The paper tackles the problem of Lasso's poor performance with strongly correlated covariates by introducing a setting where correlations arise from latent variables, and proposes a simple covariate rescaling method that enables Lasso to achieve strong provable guarantees with quadratic sparsity dependence in sample complexity.

It is well-known that the statistical performance of Lasso can suffer significantly when the covariates of interest have strong correlations. In particular, the prediction error of Lasso becomes much worse than computationally inefficient alternatives like Best Subset Selection. Due to a large conjectured computational-statistical tradeoff in the problem of sparse linear regression, it may be impossible to close this gap in general. In this work, we propose a natural sparse linear regression setting where strong correlations between covariates arise from unobserved latent variables. In this setting, we analyze the problem caused by strong correlations and design a surprisingly simple fix. While Lasso with standard normalization of covariates fails, there exists a heterogeneous scaling of the covariates with which Lasso will suddenly obtain strong provable guarantees for estimation. Moreover, we design a simple, efficient procedure for computing such a "smart scaling." The sample complexity of the resulting "rescaled Lasso" algorithm incurs (in the worst case) quadratic dependence on the sparsity of the underlying signal.

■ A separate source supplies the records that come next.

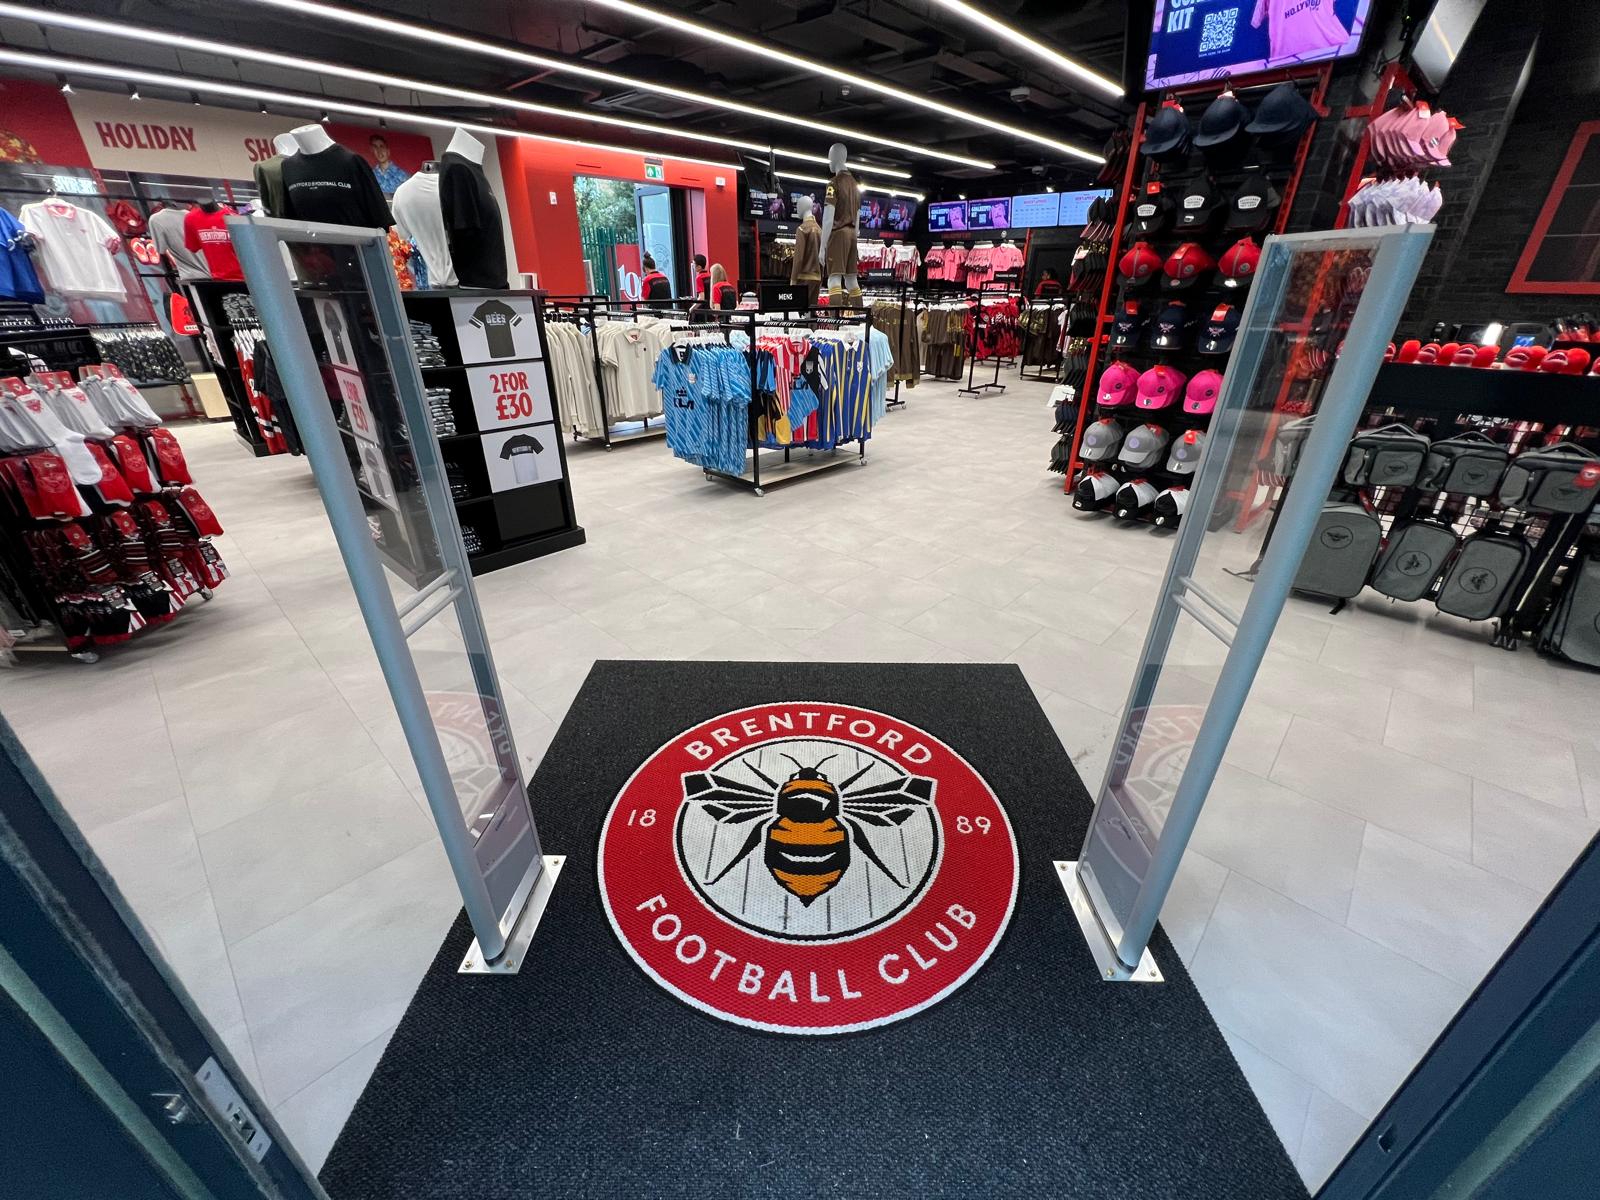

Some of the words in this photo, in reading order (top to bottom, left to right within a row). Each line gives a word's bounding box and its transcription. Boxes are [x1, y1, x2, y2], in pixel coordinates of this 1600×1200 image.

[1167, 6, 1195, 33] KIT
[94, 121, 197, 152] HOLIDAY
[778, 293, 793, 301] MENS
[485, 313, 507, 324] BEES
[489, 374, 501, 393] 2
[500, 371, 529, 392] FOR
[496, 392, 533, 421] £30
[684, 712, 932, 764] BRENTFORD
[627, 808, 657, 828] 18
[957, 816, 991, 835] 89
[636, 893, 862, 1003] FOOTBALL
[878, 903, 977, 985] CLUB

While this dependence is not information-theoretically necessary, we give evidence that it is optimal among the class of polynomial-time algorithms, via the method of low-degree polynomials. This argument reveals a new connection between sparse linear regression and a special version of sparse PCA with a near-critical negative spike. The latter problem can be thought of as a real-valued analogue of learning a sparse parity. Using it, we also establish the first computational-statistical gap for the closely related problem of learning a Gaussian Graphical Model.